TASK DIRECTIONS |
Write the data below out exactly as it stands. Do not include the pictures.

RECORDS SUPPLIED |
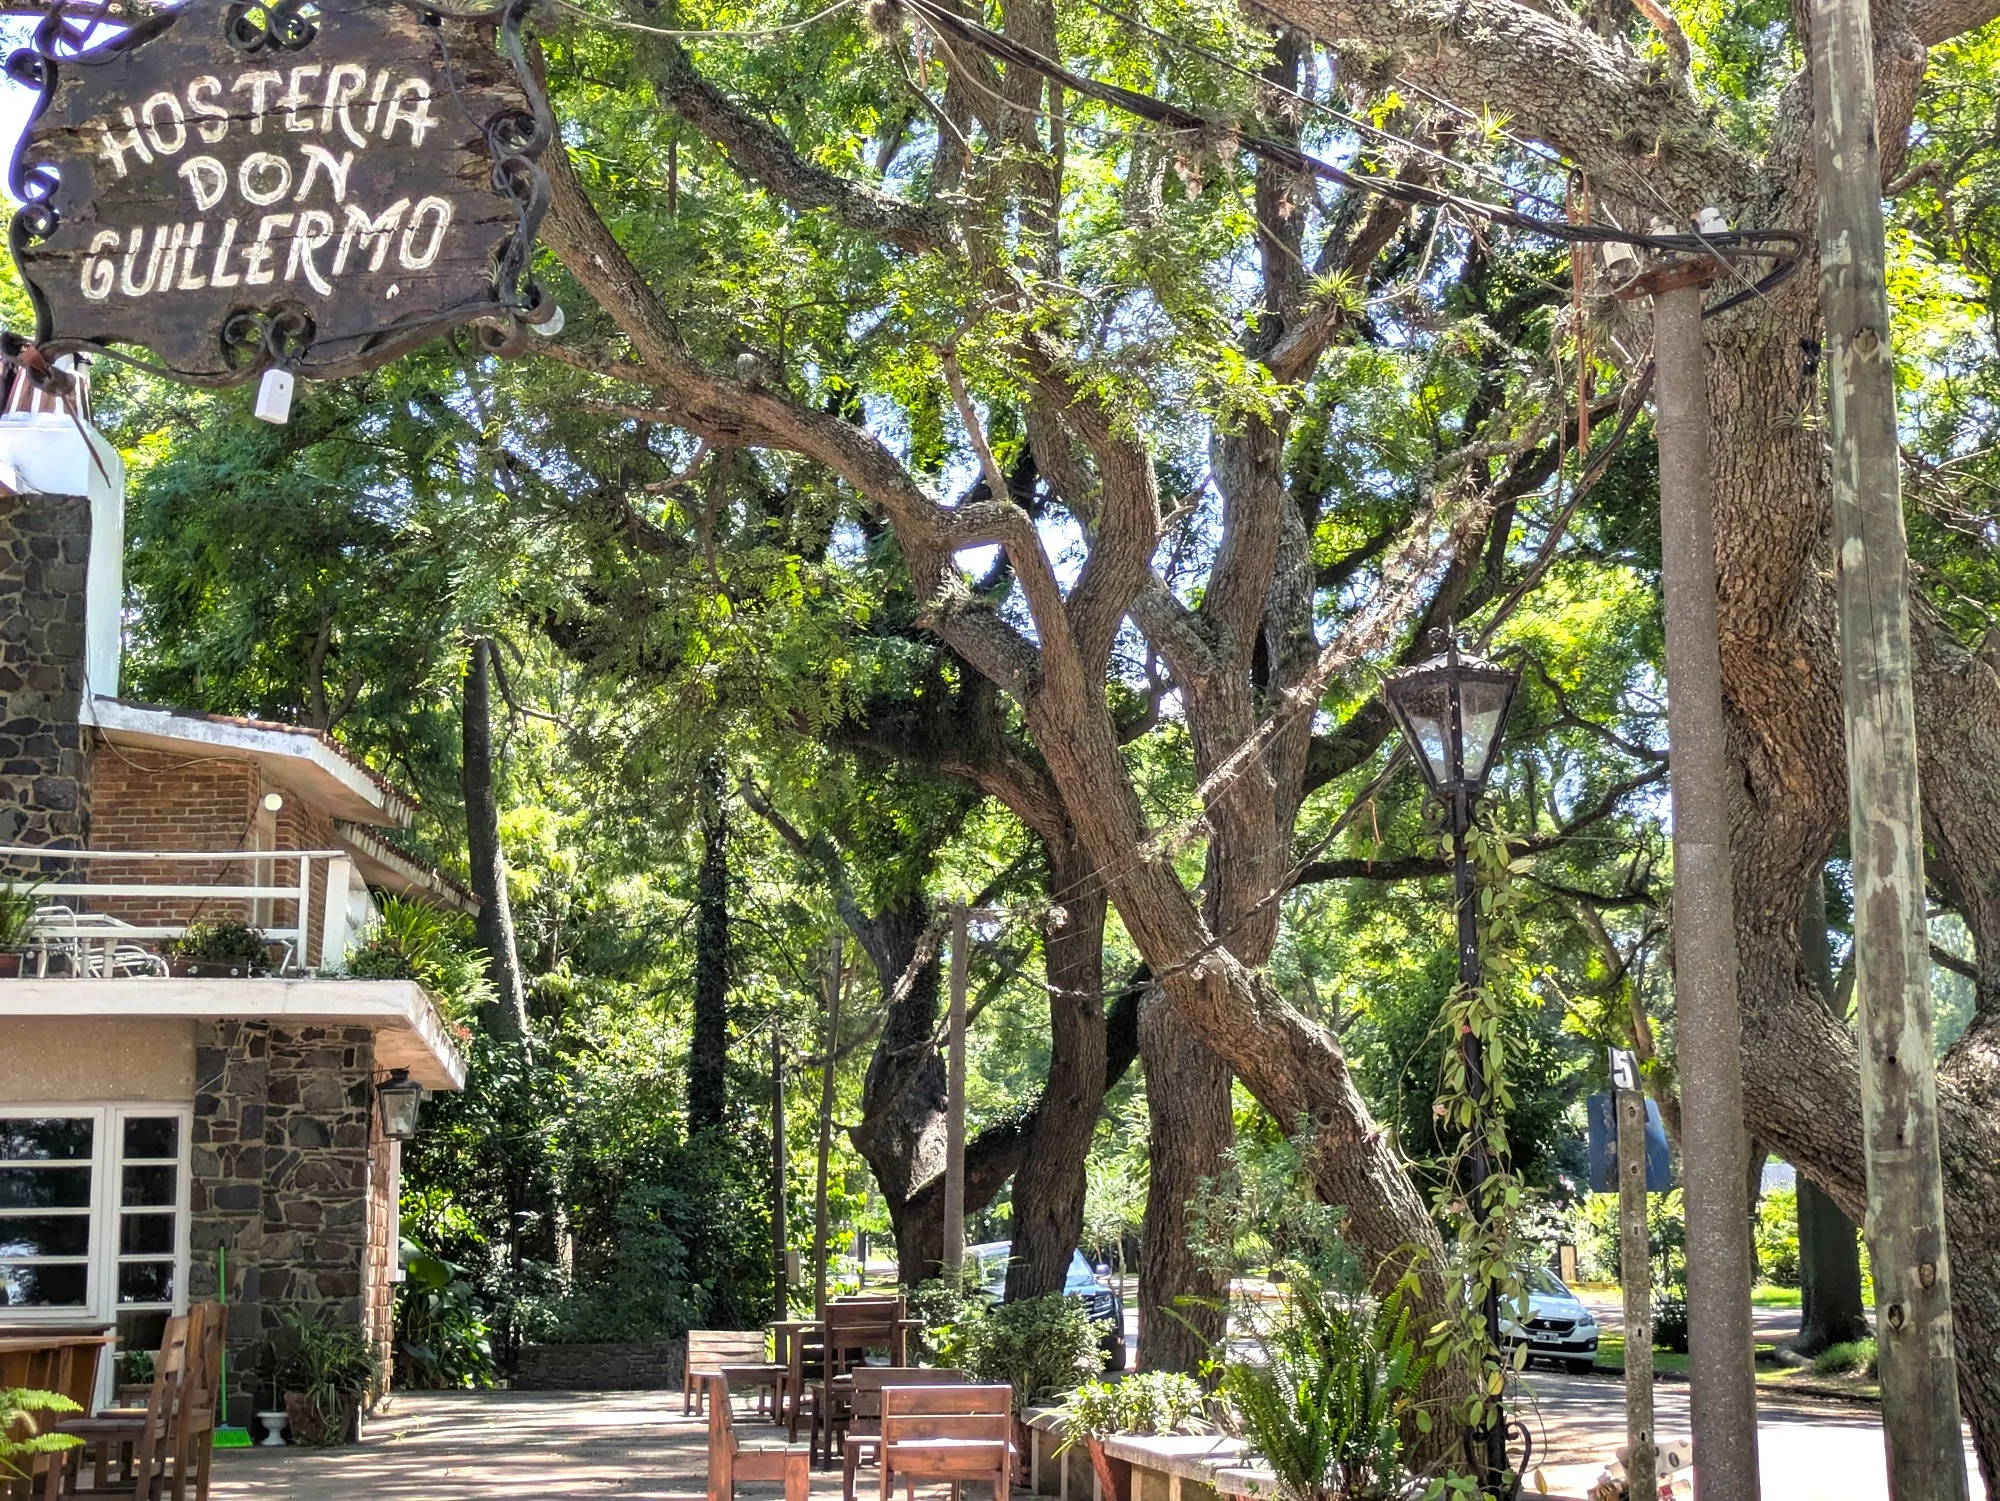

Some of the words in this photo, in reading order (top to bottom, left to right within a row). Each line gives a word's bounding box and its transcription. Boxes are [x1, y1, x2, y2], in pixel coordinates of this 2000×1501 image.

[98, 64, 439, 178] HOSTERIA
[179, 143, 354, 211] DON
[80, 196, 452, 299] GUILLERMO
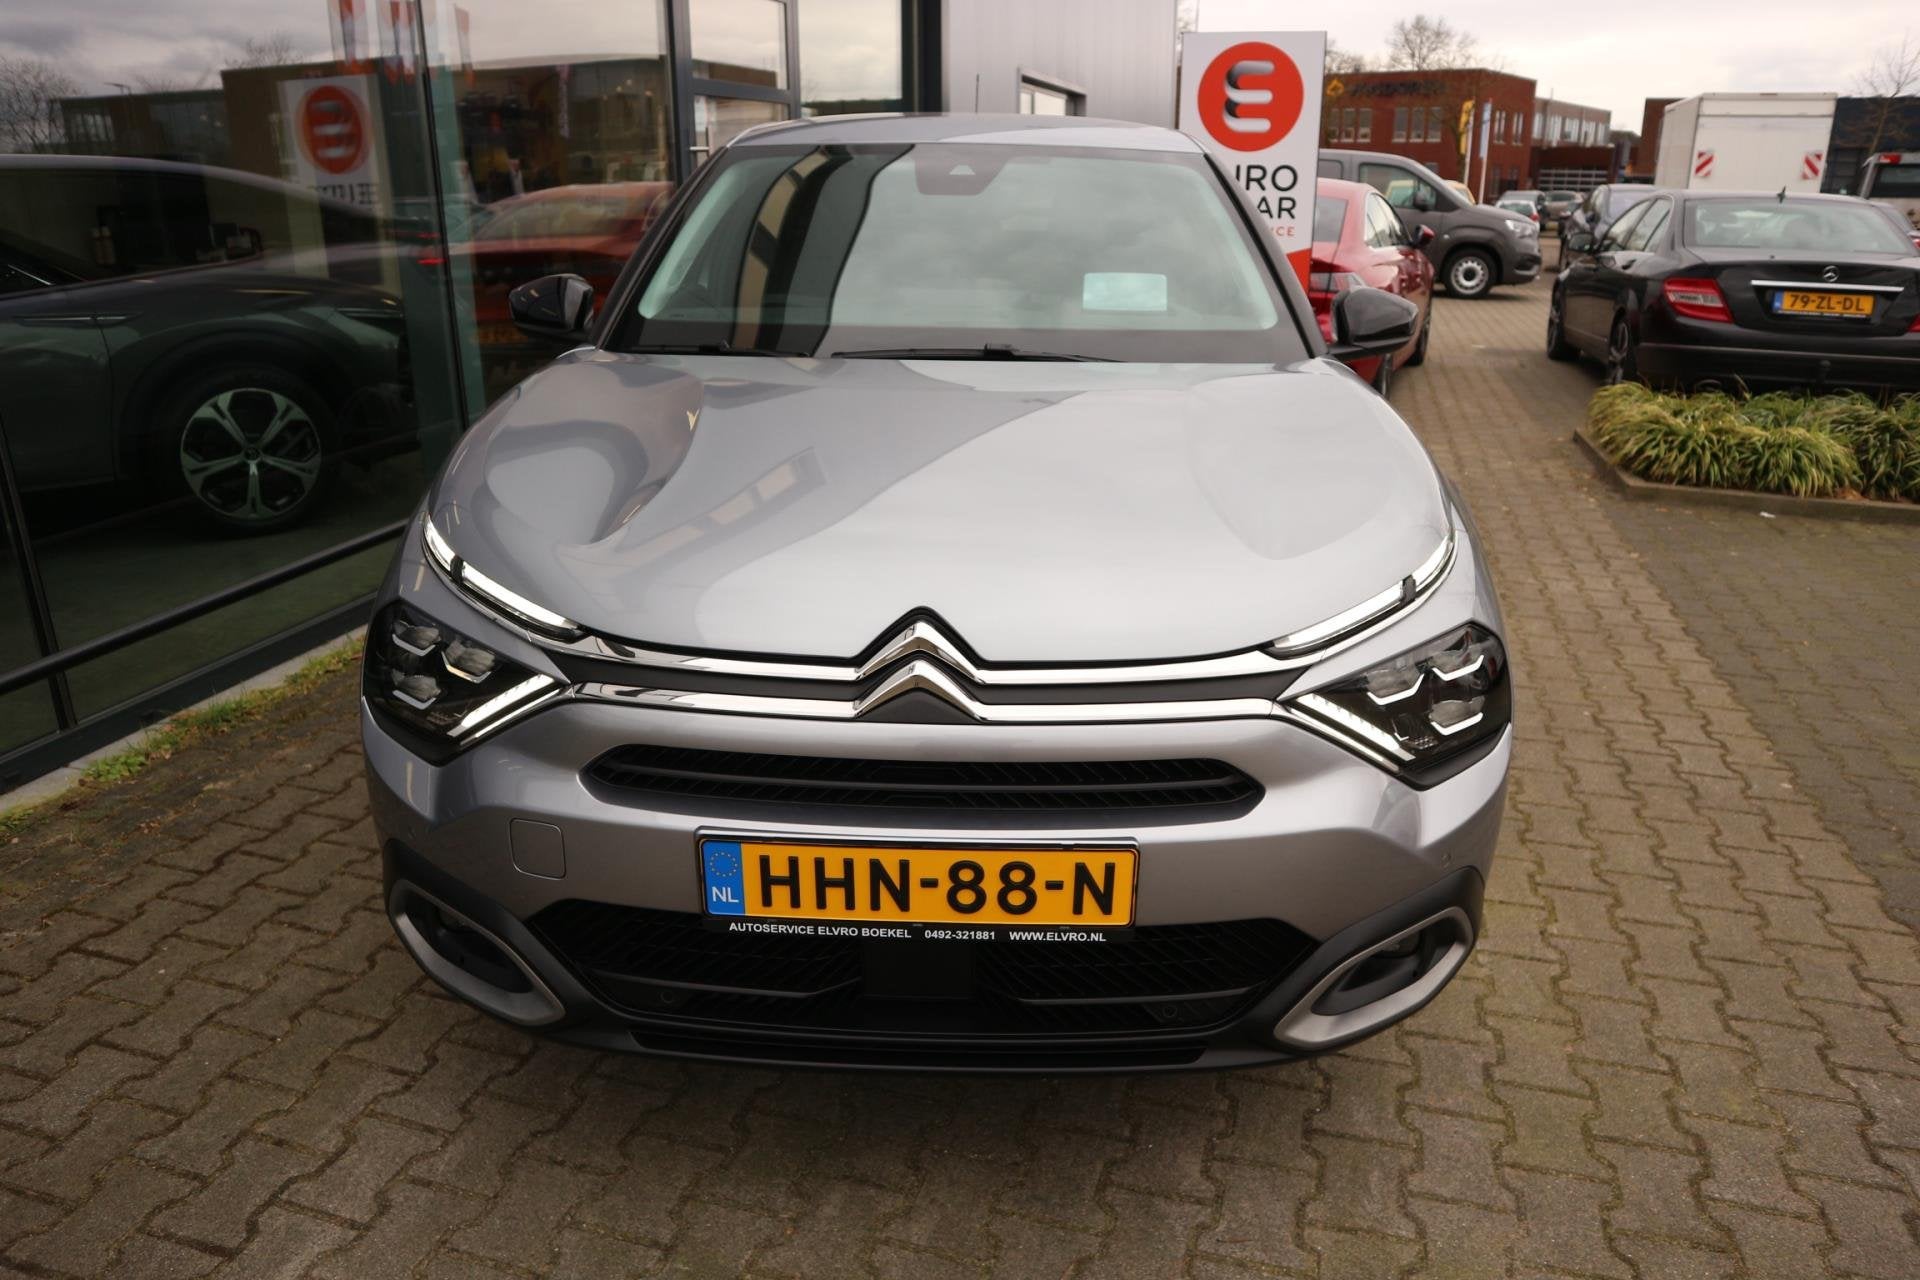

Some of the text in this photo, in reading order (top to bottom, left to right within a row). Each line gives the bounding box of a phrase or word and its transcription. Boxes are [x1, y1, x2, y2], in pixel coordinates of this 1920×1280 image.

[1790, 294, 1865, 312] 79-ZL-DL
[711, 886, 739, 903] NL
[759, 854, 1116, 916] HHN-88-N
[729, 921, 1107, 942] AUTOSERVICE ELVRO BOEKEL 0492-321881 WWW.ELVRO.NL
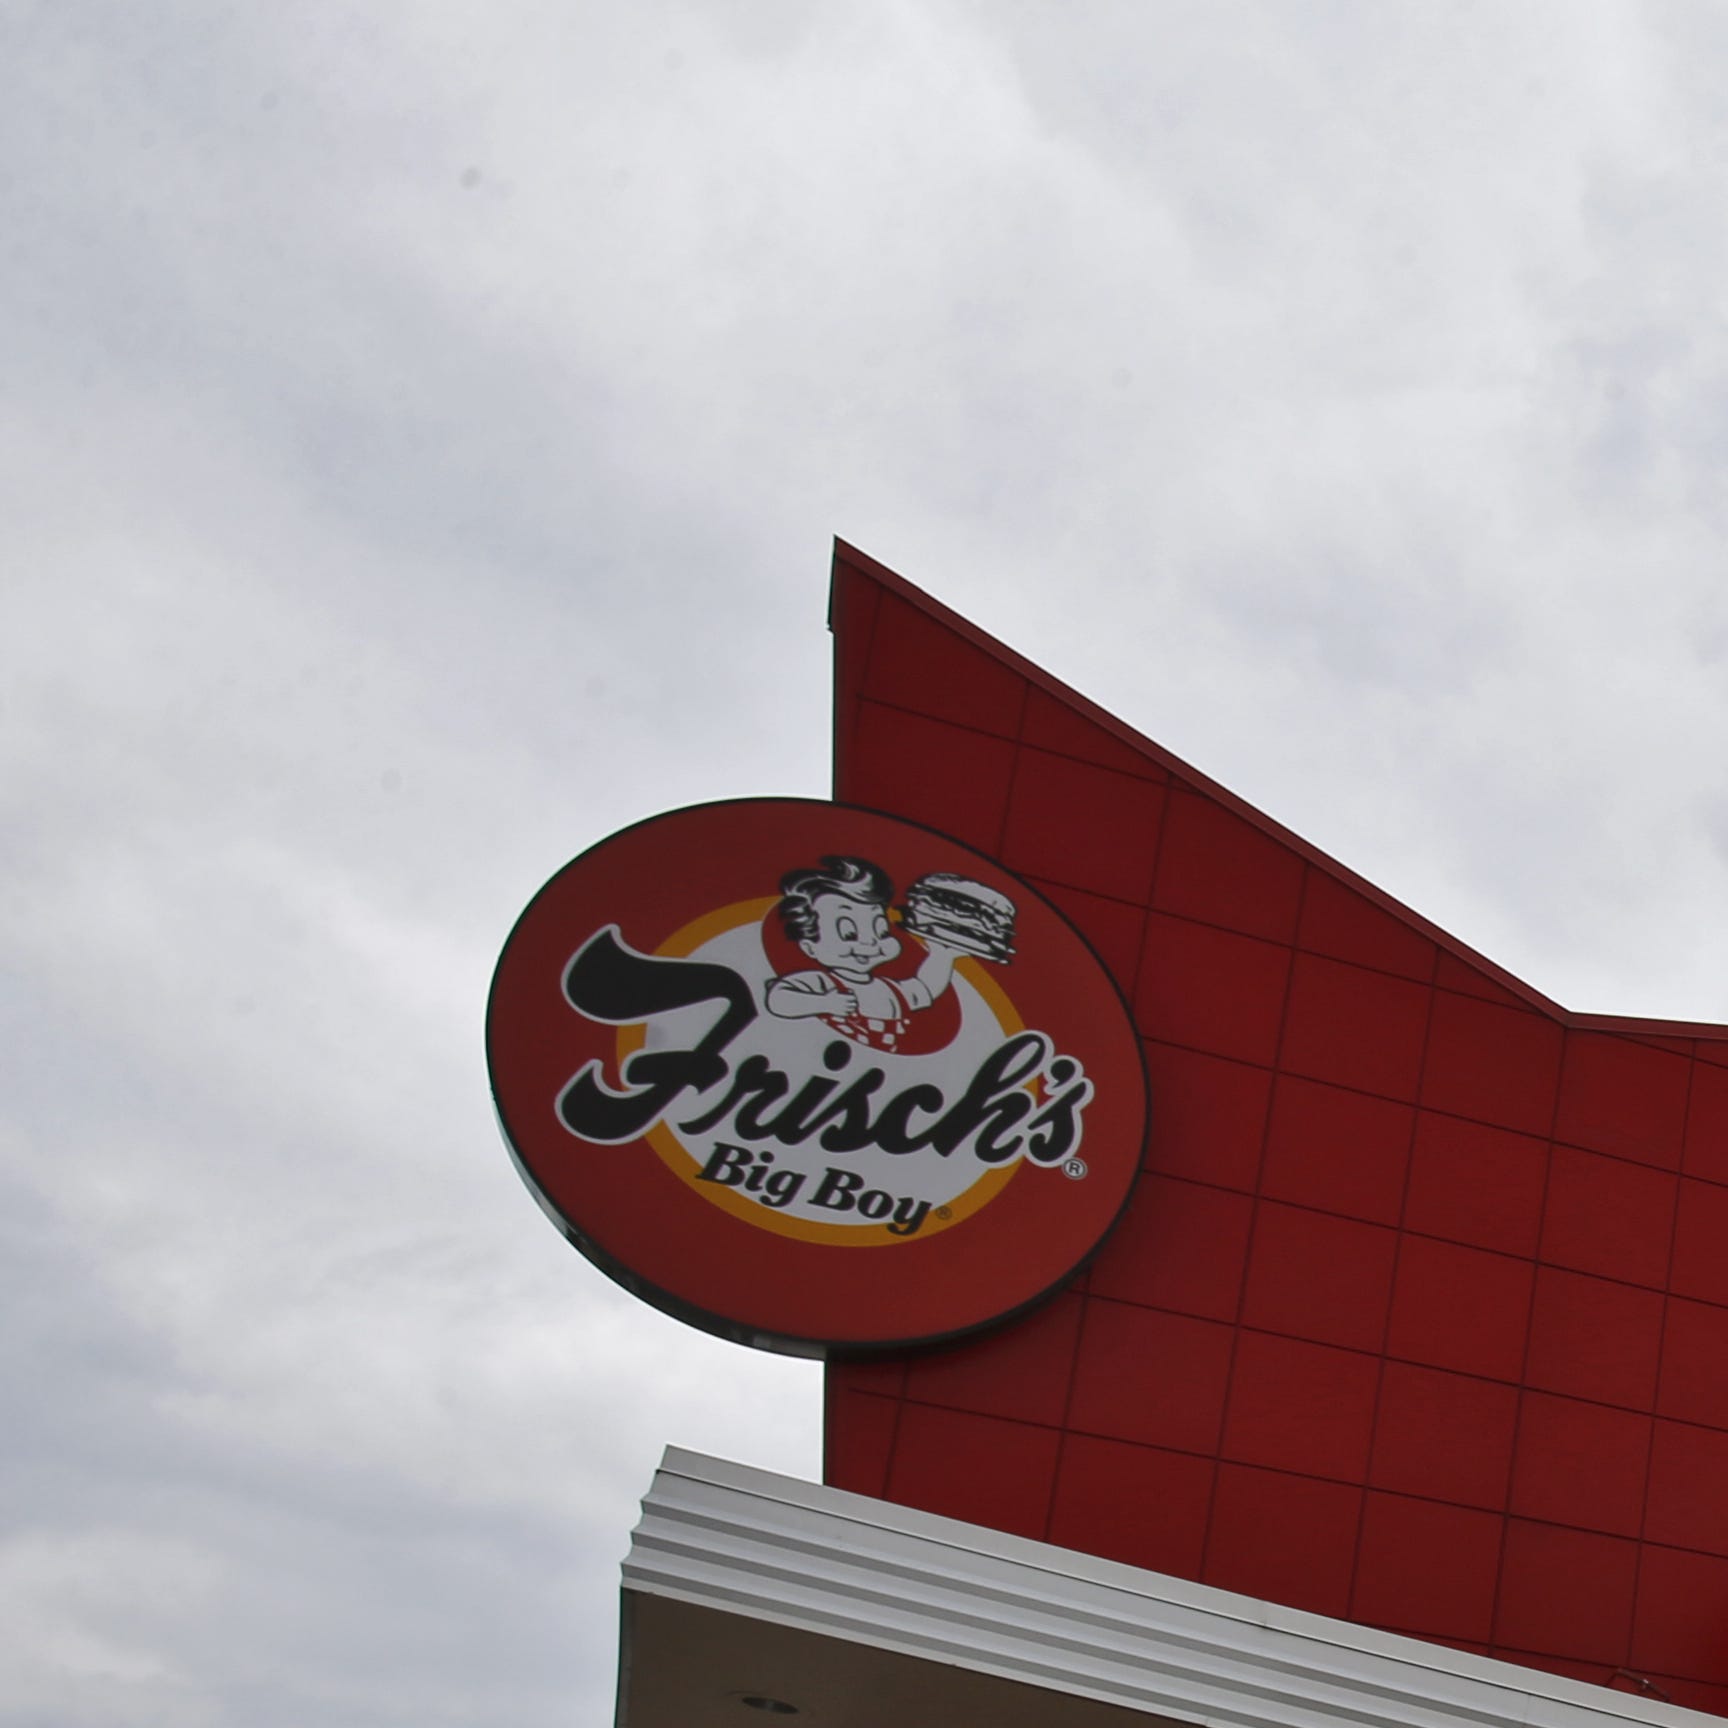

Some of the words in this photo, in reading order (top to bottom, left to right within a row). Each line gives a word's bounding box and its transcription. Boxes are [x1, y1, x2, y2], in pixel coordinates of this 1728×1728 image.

RESPONSE TO THE EXERCISE |
Some of the words in this photo, in reading order (top to bottom, left to right within a row). Each line gives a word's bounding box and its transcription. Boxes are [x1, y1, x2, y2], in pixel coordinates of this 2000×1501 image.

[98, 64, 439, 178] HOSTERIA
[179, 143, 354, 211] DON
[80, 196, 452, 299] GUILLERMO

Some of the text in this photo, in reading order (top to bottom, left to right within a row). Each line gives the bounding box of a phrase or word and its transcription. Boxes are [x1, y1, x2, y2], in pixel coordinates of this 1920×1280 image.

[1790, 294, 1865, 312] 79-ZL-DL
[711, 886, 739, 903] NL
[759, 854, 1116, 916] HHN-88-N
[729, 921, 1107, 942] AUTOSERVICE ELVRO BOEKEL 0492-321881 WWW.ELVRO.NL

Some of the words in this photo, in reading order (top to bottom, left to right within a row). Each line gives a word's bounding box and its transcription. Boxes are [x1, y1, x2, y2], in pixel coordinates of this 1728×1728 image.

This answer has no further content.